→ WHAT IS NEEDED
The entries that follow are to be duplicated in full, character for character.

[Collection entries]

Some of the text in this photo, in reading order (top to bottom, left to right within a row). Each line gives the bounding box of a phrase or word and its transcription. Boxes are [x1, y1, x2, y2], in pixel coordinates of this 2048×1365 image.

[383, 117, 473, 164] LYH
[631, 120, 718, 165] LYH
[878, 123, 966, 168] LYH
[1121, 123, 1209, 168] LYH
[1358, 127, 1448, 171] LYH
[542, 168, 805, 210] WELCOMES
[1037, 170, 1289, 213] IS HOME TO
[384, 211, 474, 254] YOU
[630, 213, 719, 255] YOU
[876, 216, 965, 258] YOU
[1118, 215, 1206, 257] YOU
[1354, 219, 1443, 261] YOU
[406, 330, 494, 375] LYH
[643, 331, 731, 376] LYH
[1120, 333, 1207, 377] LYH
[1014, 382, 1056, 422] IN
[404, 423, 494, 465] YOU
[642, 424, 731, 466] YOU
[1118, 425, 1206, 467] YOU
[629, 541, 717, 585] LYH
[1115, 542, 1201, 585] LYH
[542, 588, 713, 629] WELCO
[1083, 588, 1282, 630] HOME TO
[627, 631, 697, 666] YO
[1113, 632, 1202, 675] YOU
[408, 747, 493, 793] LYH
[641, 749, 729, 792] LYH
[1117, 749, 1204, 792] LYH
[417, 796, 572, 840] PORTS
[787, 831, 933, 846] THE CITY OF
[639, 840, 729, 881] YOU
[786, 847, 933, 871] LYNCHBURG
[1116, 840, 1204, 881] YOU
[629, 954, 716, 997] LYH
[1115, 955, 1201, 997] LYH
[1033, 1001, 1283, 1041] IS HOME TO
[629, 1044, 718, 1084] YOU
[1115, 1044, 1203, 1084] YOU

→ WRITTEN ANSWER
Some of the text in this photo, in reading order (top to bottom, left to right within a row). Each line gives the bounding box of a phrase or word and its transcription. Boxes are [x1, y1, x2, y2], in pixel coordinates of this 2048×1365 image.

[383, 117, 473, 164] LYH
[631, 120, 718, 165] LYH
[878, 123, 966, 168] LYH
[1121, 123, 1209, 168] LYH
[1358, 127, 1448, 171] LYH
[542, 168, 805, 210] WELCOMES
[1037, 170, 1289, 213] IS HOME TO
[384, 211, 474, 254] YOU
[630, 213, 719, 255] YOU
[876, 216, 965, 258] YOU
[1118, 215, 1206, 257] YOU
[1354, 219, 1443, 261] YOU
[406, 330, 494, 375] LYH
[643, 331, 731, 376] LYH
[1120, 333, 1207, 377] LYH
[1014, 382, 1056, 422] IN
[404, 423, 494, 465] YOU
[642, 424, 731, 466] YOU
[1118, 425, 1206, 467] YOU
[629, 541, 717, 585] LYH
[1115, 542, 1201, 585] LYH
[542, 588, 713, 629] WELCO
[1083, 588, 1282, 630] HOME TO
[627, 631, 697, 666] YO
[1113, 632, 1202, 675] YOU
[408, 747, 493, 793] LYH
[641, 749, 729, 792] LYH
[1117, 749, 1204, 792] LYH
[417, 796, 572, 840] PORTS
[787, 831, 933, 846] THE CITY OF
[639, 840, 729, 881] YOU
[786, 847, 933, 871] LYNCHBURG
[1116, 840, 1204, 881] YOU
[629, 954, 716, 997] LYH
[1115, 955, 1201, 997] LYH
[1033, 1001, 1283, 1041] IS HOME TO
[629, 1044, 718, 1084] YOU
[1115, 1044, 1203, 1084] YOU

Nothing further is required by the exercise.